SUPPLIED MATERIAL section start

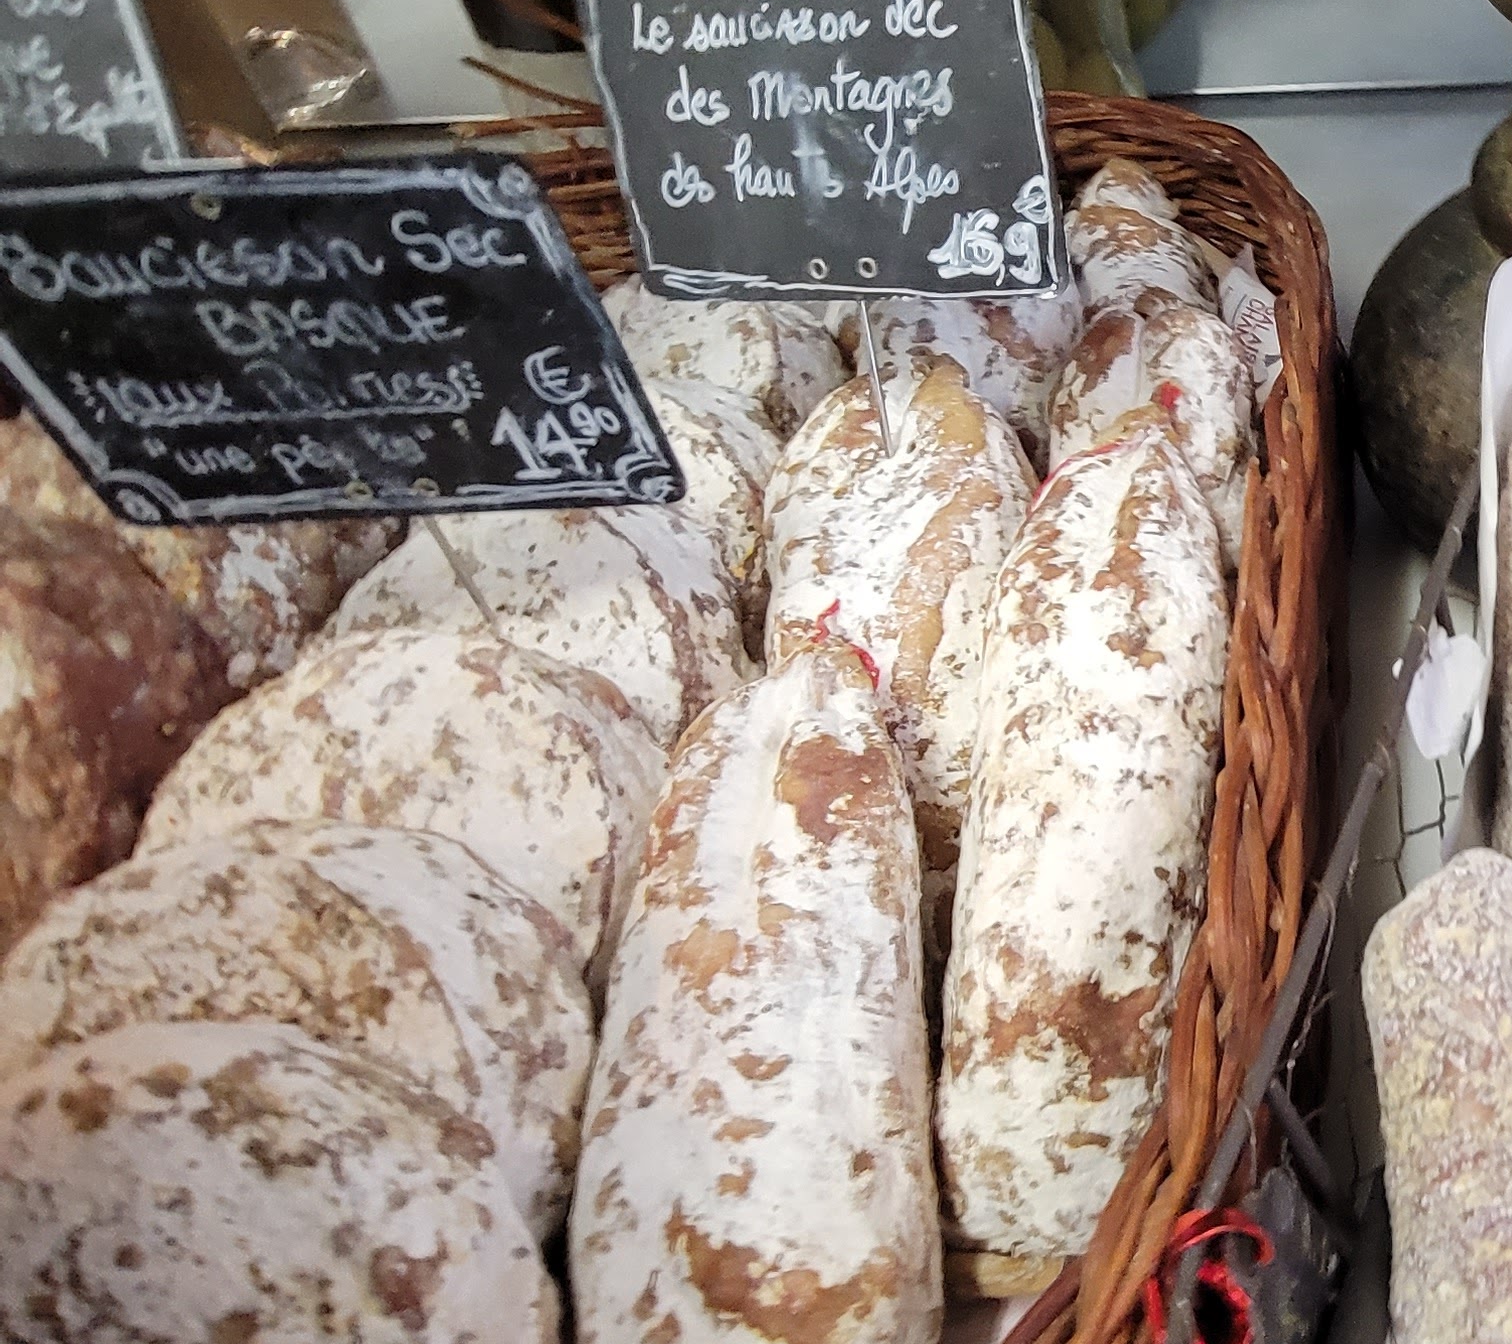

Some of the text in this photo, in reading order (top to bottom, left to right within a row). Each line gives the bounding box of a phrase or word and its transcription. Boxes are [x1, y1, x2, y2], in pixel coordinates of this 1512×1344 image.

[631, 1, 675, 55] Le
[665, 56, 954, 154] des Montagnes
[864, 146, 960, 236] Alpes
[391, 210, 527, 273] Sec
[194, 296, 467, 357] BASQUE

SUPPLIED MATERIAL section end

> **WHAT YOU NEED TO DO**
Copy the records above exactly, omitting every picture.

> **OUTPUT FOR THIS TASK**
Some of the text in this photo, in reading order (top to bottom, left to right within a row). Each line gives the bounding box of a phrase or word and its transcription. Boxes are [x1, y1, x2, y2], in pixel coordinates of this 1512×1344 image.

[631, 1, 675, 55] Le
[665, 56, 954, 154] des Montagnes
[864, 146, 960, 236] Alpes
[391, 210, 527, 273] Sec
[194, 296, 467, 357] BASQUE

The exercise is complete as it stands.